Image-backed grounding data
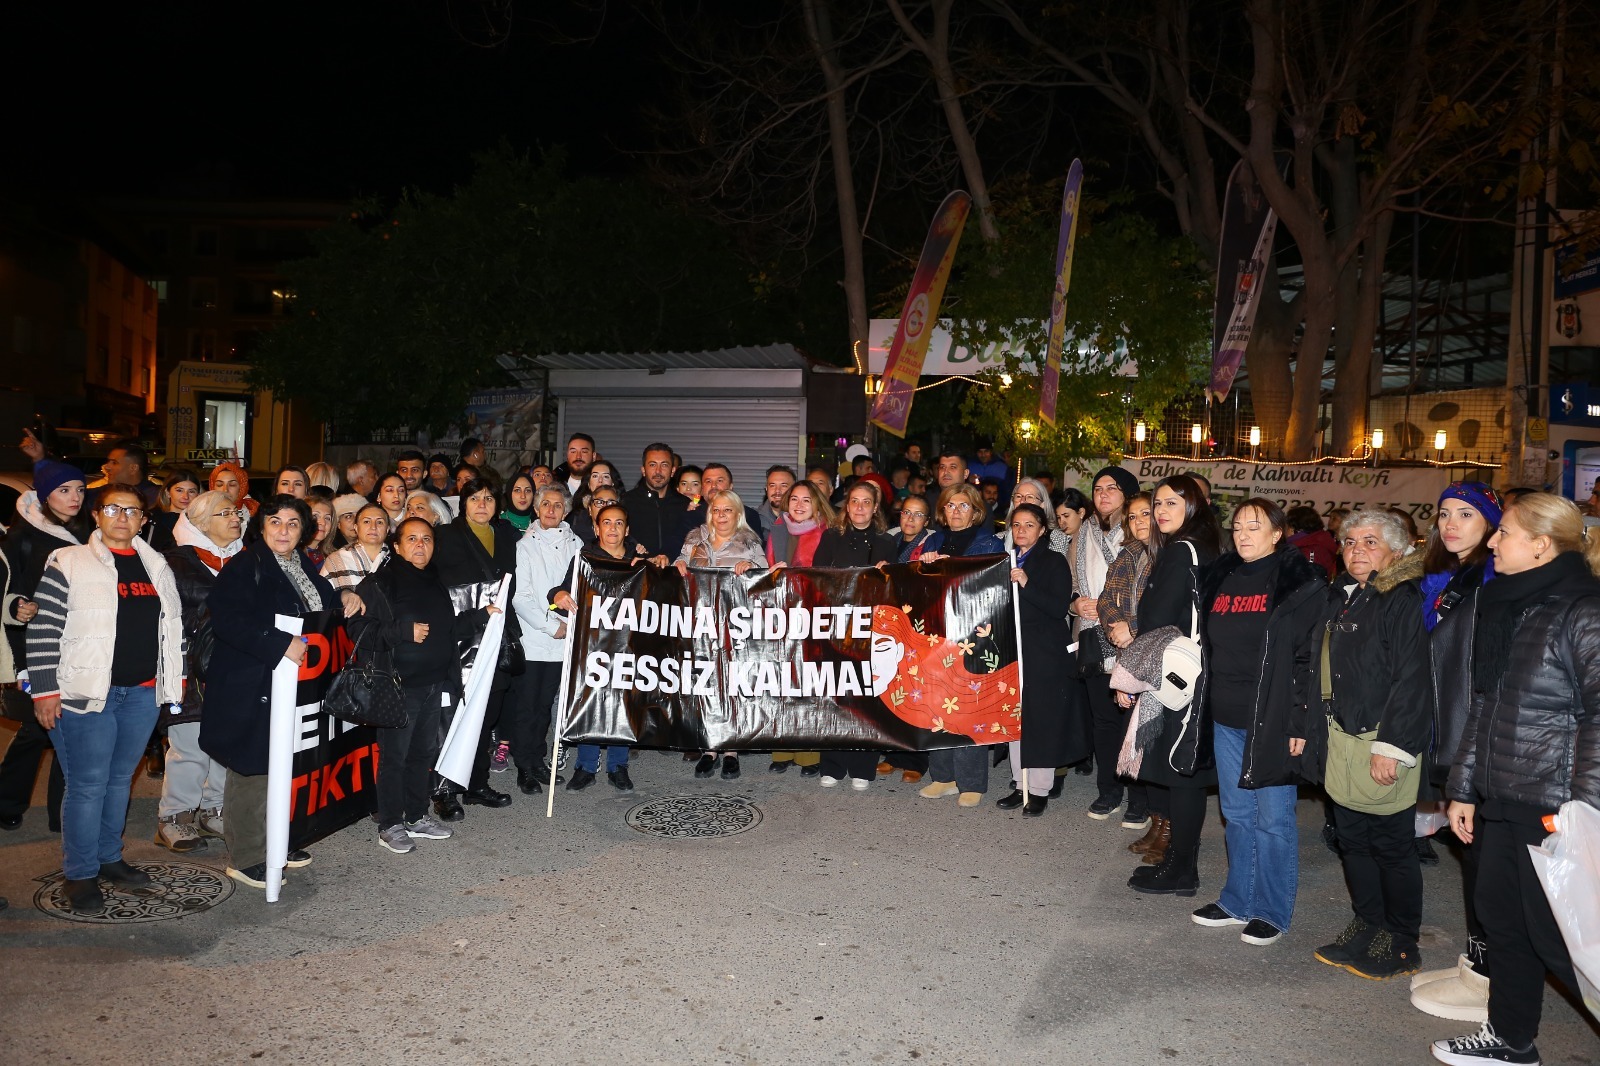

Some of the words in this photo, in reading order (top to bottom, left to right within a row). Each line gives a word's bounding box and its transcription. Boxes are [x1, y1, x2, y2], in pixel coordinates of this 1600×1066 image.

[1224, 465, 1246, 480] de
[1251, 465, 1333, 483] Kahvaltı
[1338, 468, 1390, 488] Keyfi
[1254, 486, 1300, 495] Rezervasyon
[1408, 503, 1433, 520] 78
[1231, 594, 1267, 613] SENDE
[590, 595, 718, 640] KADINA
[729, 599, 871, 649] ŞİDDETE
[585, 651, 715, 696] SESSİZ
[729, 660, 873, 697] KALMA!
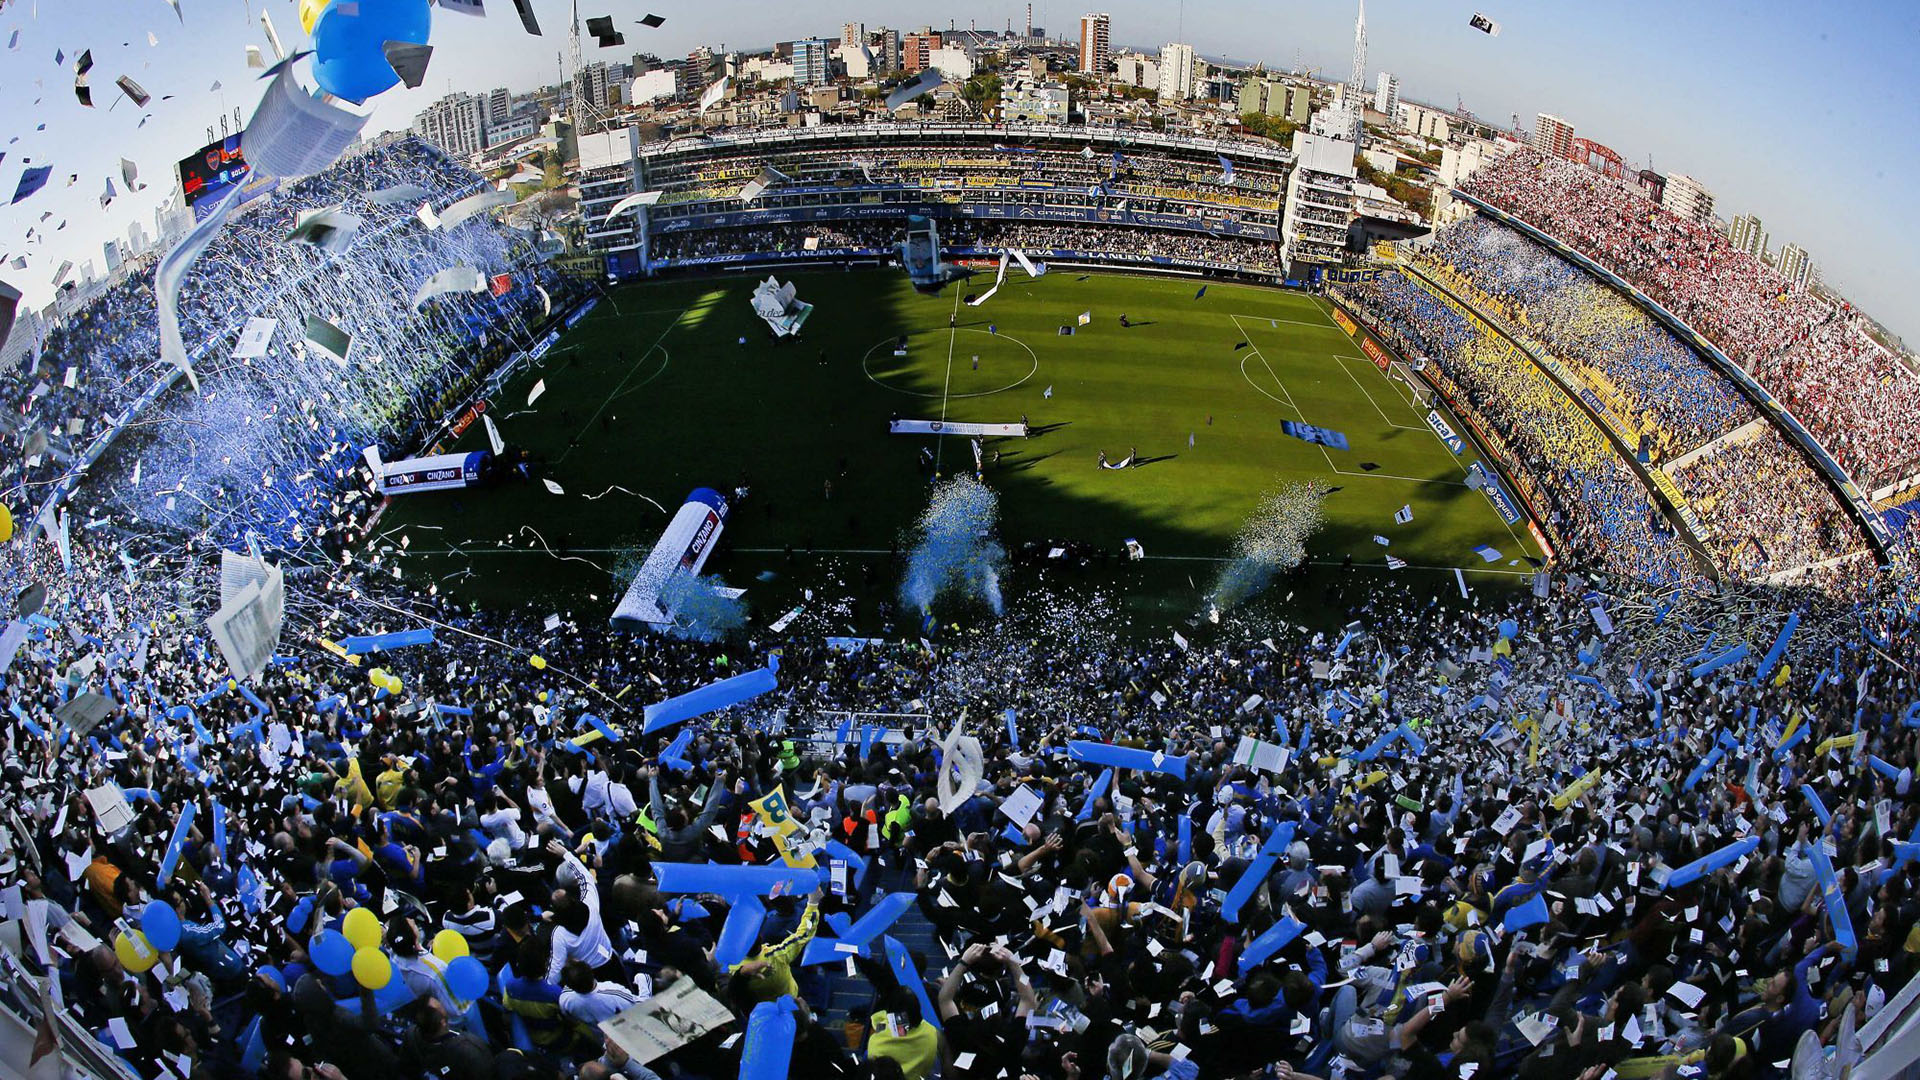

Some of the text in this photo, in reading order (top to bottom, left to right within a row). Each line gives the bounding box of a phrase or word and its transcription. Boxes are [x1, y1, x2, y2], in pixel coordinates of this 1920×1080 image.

▶ _HOW TO COMPLETE THIS TASK_
Above are the records; transcribe them exactly without the pictures.

▶ _EXPECTED ANSWER_
Some of the words in this photo, in reading order (top to bottom, left to right within a row). Each line gives a word's bounding box and its transcription. Boxes are [x1, y1, x2, y2], in pixel coordinates of this 1600×1066 image.

[1224, 465, 1246, 480] de
[1251, 465, 1333, 483] Kahvaltı
[1338, 468, 1390, 488] Keyfi
[1254, 486, 1300, 495] Rezervasyon
[1408, 503, 1433, 520] 78
[1231, 594, 1267, 613] SENDE
[590, 595, 718, 640] KADINA
[729, 599, 871, 649] ŞİDDETE
[585, 651, 715, 696] SESSİZ
[729, 660, 873, 697] KALMA!

Some of the text in this photo, in reading order (top to bottom, left to right within a row). Each line gives the bounding box of a phrase or word and its transcription. Boxes are [x1, y1, x2, y2], in pixel coordinates of this 1920×1080 image.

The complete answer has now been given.